SpaceX's Center Core Booster for Falcon Heavy Rocket Is Lost at Sea

James Marshall
April 16, 2019

SpaceX's next Falcon Heavy mission, slated for this summer, will use a new center core, so the loss of the core from last week's mission won't affect it.

At the time of the accident, the stage was being brought back to Port Canaveral by the autonomous spaceport drone ship (ASDS) "Of Course I Still Love You". "As conditions worsened with 8- to 10-foot swells, the booster began to shift and ultimately was unable to remain upright".

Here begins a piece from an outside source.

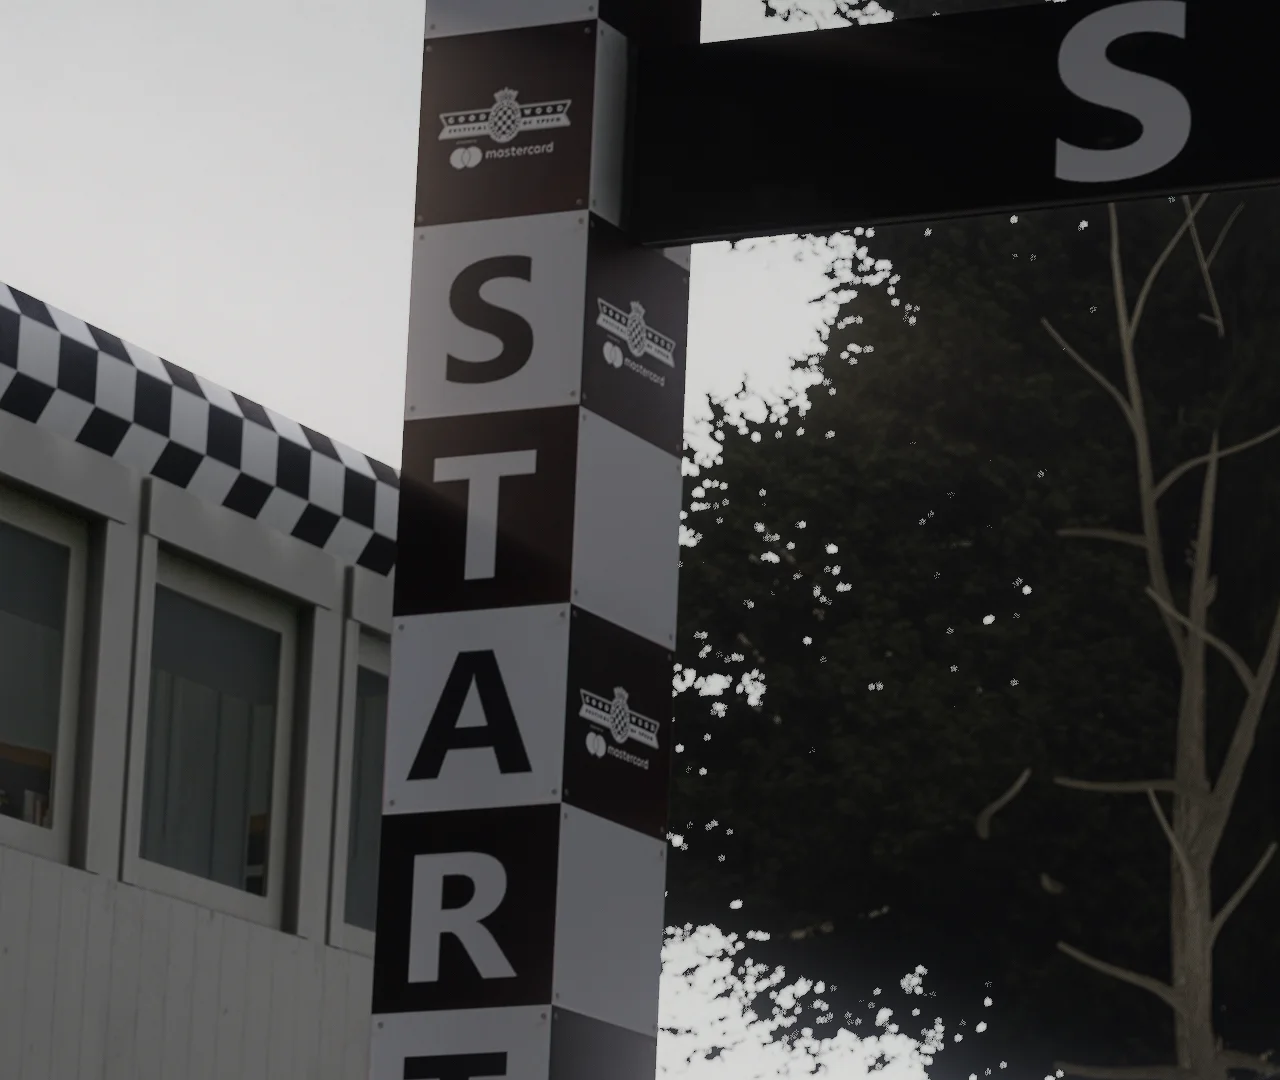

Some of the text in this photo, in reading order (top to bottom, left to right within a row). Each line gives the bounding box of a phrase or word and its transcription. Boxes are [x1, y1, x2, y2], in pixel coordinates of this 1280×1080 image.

"Over the weekend, due to rough sea conditions, SpaceX's recovery team was unable to secure the center core booster for its return trip to Port Canaveral", SpaceX told The Verge in a statement. As The Verge noted, the Heavy's central core has a slightly different design than the Falcon 9 first stage, because the former must link up with two side boosters.

Even with the loss of the center core, it doesn't overshadow the milestone of SpaceX landing all three of the Falcon Heavy's boosters.

The SpaceX droneship is now on its way back from the Atlantic. The rocket successfully placed its payload, the Arabsat-6A communications satellite, into a geostationary transfer orbit.

Two side boosters touched down safely at SpaceX's Landing Zones 1 and 2 at Cape Canaveral Air Force Station, not far from their launch pad.

SpaceX also recovered the two halves of the payload fairing from the ocean shortly after they splashed down.

While SpaceX does have hardware on its drone ship created to secure first stages - often referred to as a flat "robot" that holds them in place - it was not used for this mission, which successfully took an Arabsat satellite to orbit last Thursday.

In its first flight, Elon Musk sent a Tesla Roadster to orbit around the sun past year. The company plans to use the system for the next Falcon Heavy mission, which could lift off as soon as June. We do not expect future missions to be impacted, ' the firm added. STP-2 is now scheduled to lift off from Kennedy Space Center's Launch Complex 39A in June and should mark the third time the massive FH takes to the skies.

The center core's landing was a first.